Kati looked at her. “But the Chief’s the boss. What he says, goes.”
“Yes. And because he’s the boss, Kati, he has got to obey the rules of the camp even more closely than the men. Don’t you
see, Kati?”
“No, I don’t. Stuff and nonsense. If I were boss, I’d be boss.”
“Yes, but being in command means you must also be in command of yourself. There’s no one to give you orders, so you have to give them to yourself.”
Kati pulled down the few jars of pickled mushrooms and cucumbers from the cupboard shelf. “Open these,” she said. “If we don’t eat them, the Germans will. We’ll have one good last meal together.” She counted the jars with her fingers, nodded her head. “Enough,” she said in relief, before she suddenly remembered to rush over to the oven. She opened the square iron door carefully with an apron-covered hand. “All right, so far,” she said. The smell of warm bread filled the kitchen and added to Sheila’s hunger. “He’s got queer ideas about it, too. You know, he doesn’t like being called Chief. We’ve got to say just ‘Captain’ to his face. And yet he
is
the Chief, all right. Who else?” Kati took one of the loaves and broke it slightly to see if it were baked. “I don’t understand these things very well. I’ve never been a boss, so I don’t know. But if you speak the truth, then I don’t want to be one. Ever.”
“You are the boss of this inn, Kati. You and I are so hungry that we could sit down at this table and eat all this meat, right now. Why don’t you? You’re the boss. It is your meat. It is your kitchen. But you don’t even touch one slice of meat; you want to prepare as good a dinner as you can, and you think of those others next door, who are just as hungry as we are. Do you see what I mean?”
Kati stared at her. Then she gave one of her old smiles. “I wouldn’t make a very good boss,” she said. “I tasted a piece of cucumber when you weren’t looking.”
They were both laughing when the door opened and Tomasz appeared.
“We’re finished. Are you ready?”
“Almost. Tell the other women they can start bringing their food over here.”
Tomasz nodded, and turned to go. “Pretty,” he said, looking at Sheila.
“Yes,” Kati said proudly. “Isn’t it?” And Sheila laughed again. Kati was pulling off the working apron, preening the lace collar, pushing up the wide sleeves of the blouse so that it billowed out in all its starched whiteness. She stood back and surveyed her handiwork critically once more. “You’ll do,” she predicted.

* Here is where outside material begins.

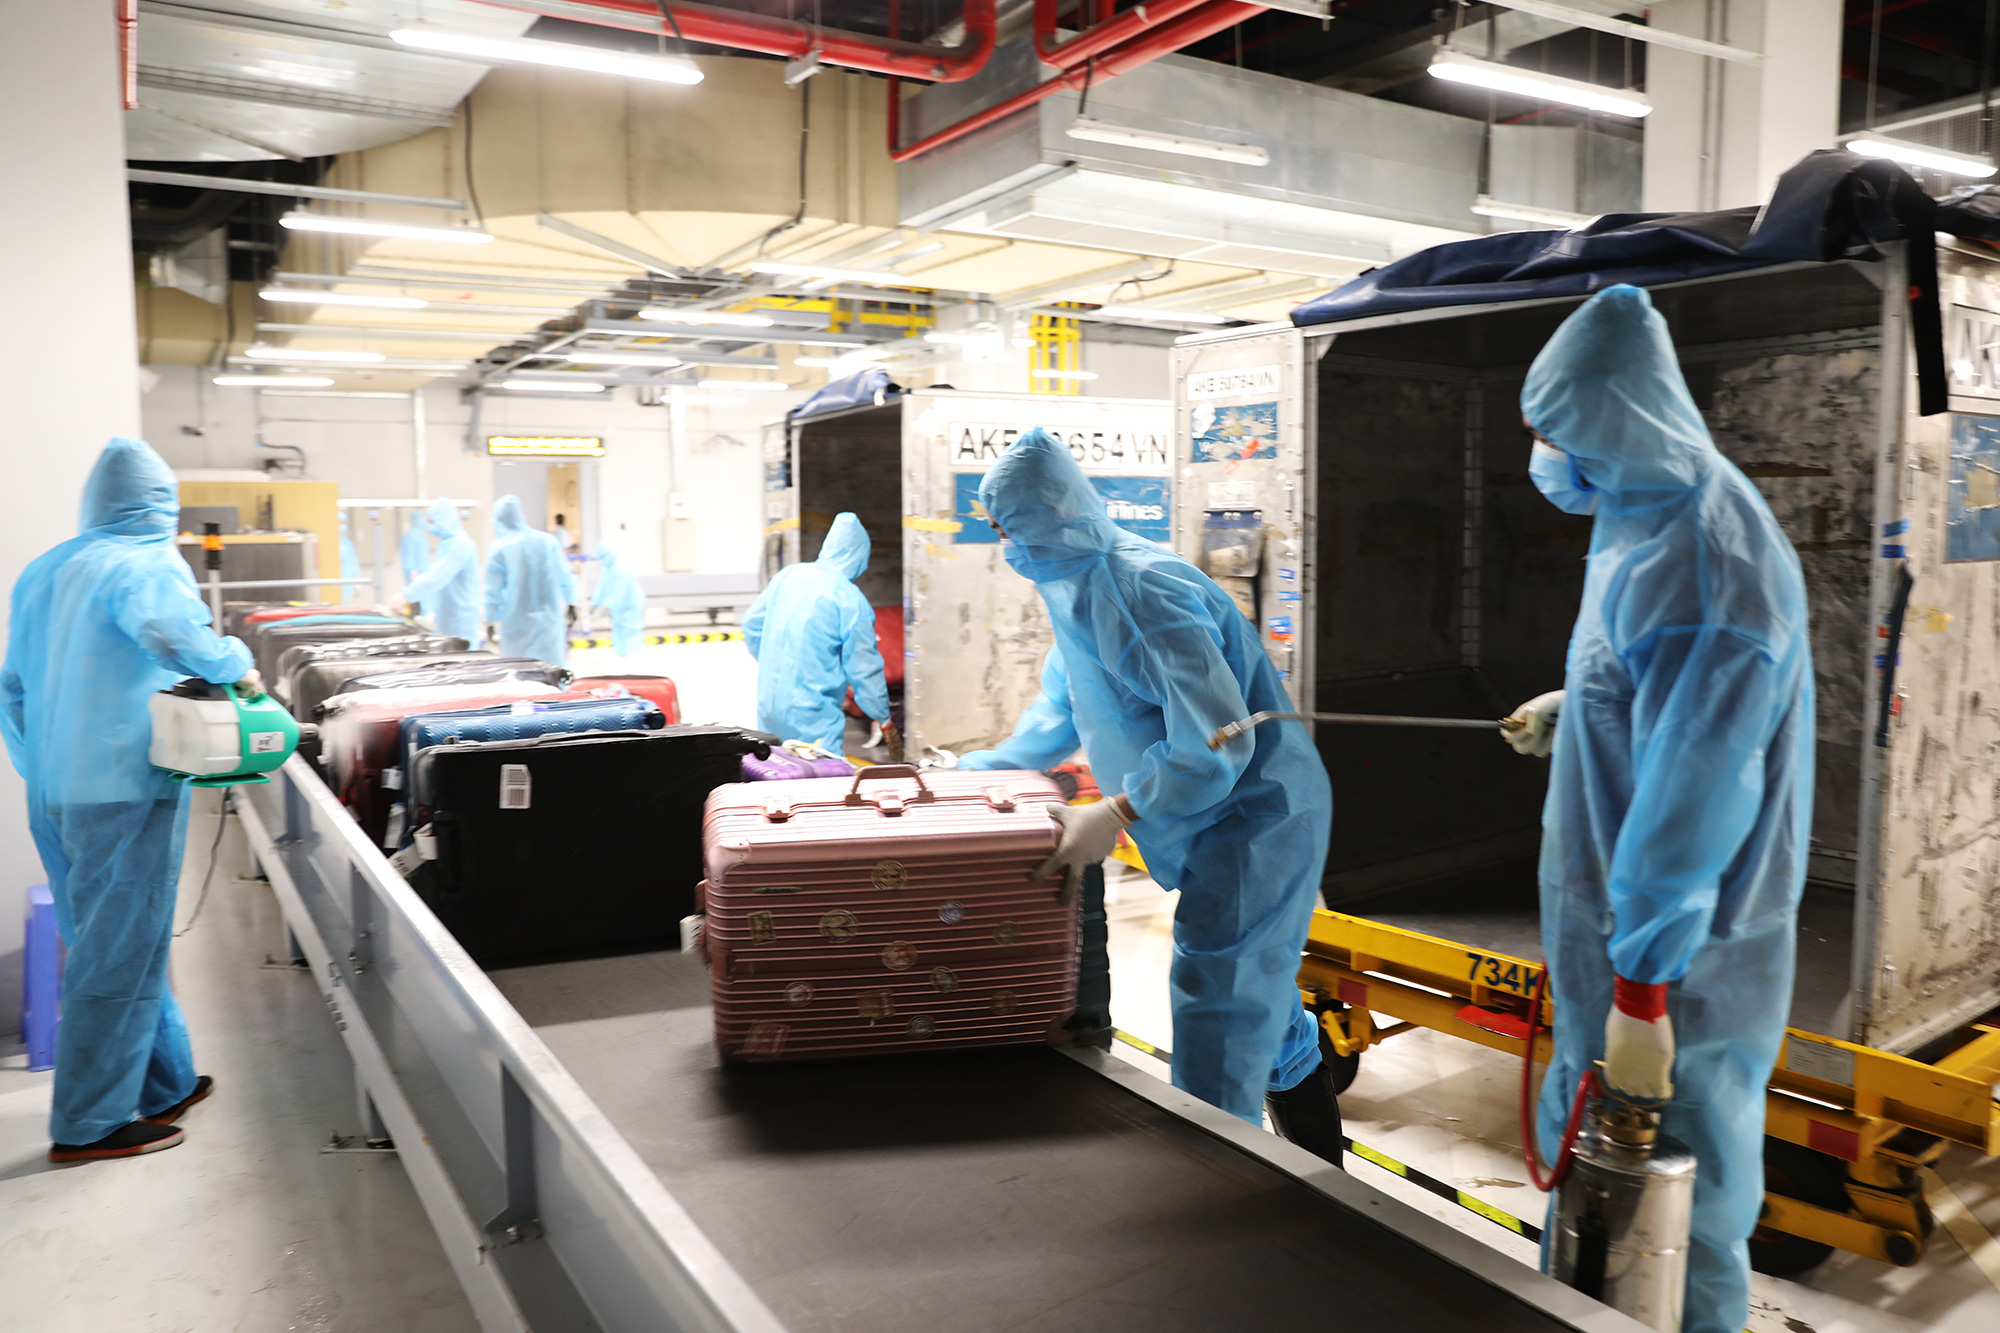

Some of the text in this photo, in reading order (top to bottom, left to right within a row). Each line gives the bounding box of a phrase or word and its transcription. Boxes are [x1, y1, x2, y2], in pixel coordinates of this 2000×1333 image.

[1956, 318, 2000, 389] AK
[1052, 431, 1124, 463] 654
[1131, 433, 1169, 464] VN
[1466, 951, 1553, 1001] 734K

“Agreed.” It was Adam, leaning against the door, smiling as he watched Sheila’s startled face. He stretched out a hand as he came forward to her. The meeting had been successful: the plan was well made. She knew that by his face. She took his hand with a smile.
“Too decorative,” she said. “The Russians won’t believe I can work for a living, I’m sure.”
Adam was laughing now. “Russians? What have they to do with this?” He was studying the dress approvingly.
“I thought the shortest way for me would be to try and reach the Russian occupation zone. They won’t arrest anyone British.”
He said slowly, “You mean that you were going to walk out in that dress and reach Russia?”
“Well, I’ve been trying to tell Kati that my old clothes would be better, bloodstains and all. They’d be a more successful entry permit, I think.”
“Sheila...” He seemed to forget about Kati, and Sheila forgot too.
“Sheila.” He was smiling again. He caught her suddenly round the waist. “Mad, quite mad. As crazy as they come,” he said, and kissed her unexpectedly on the nose. He began to laugh. “To Russia,” he said, “to Russia, by God. Just like that.” He laughed again and rumpled her hair. “Without papers, without a map, without anything except a pretty dress and a lovely face. Darling, at this moment I swear I shall love you forever and ever.”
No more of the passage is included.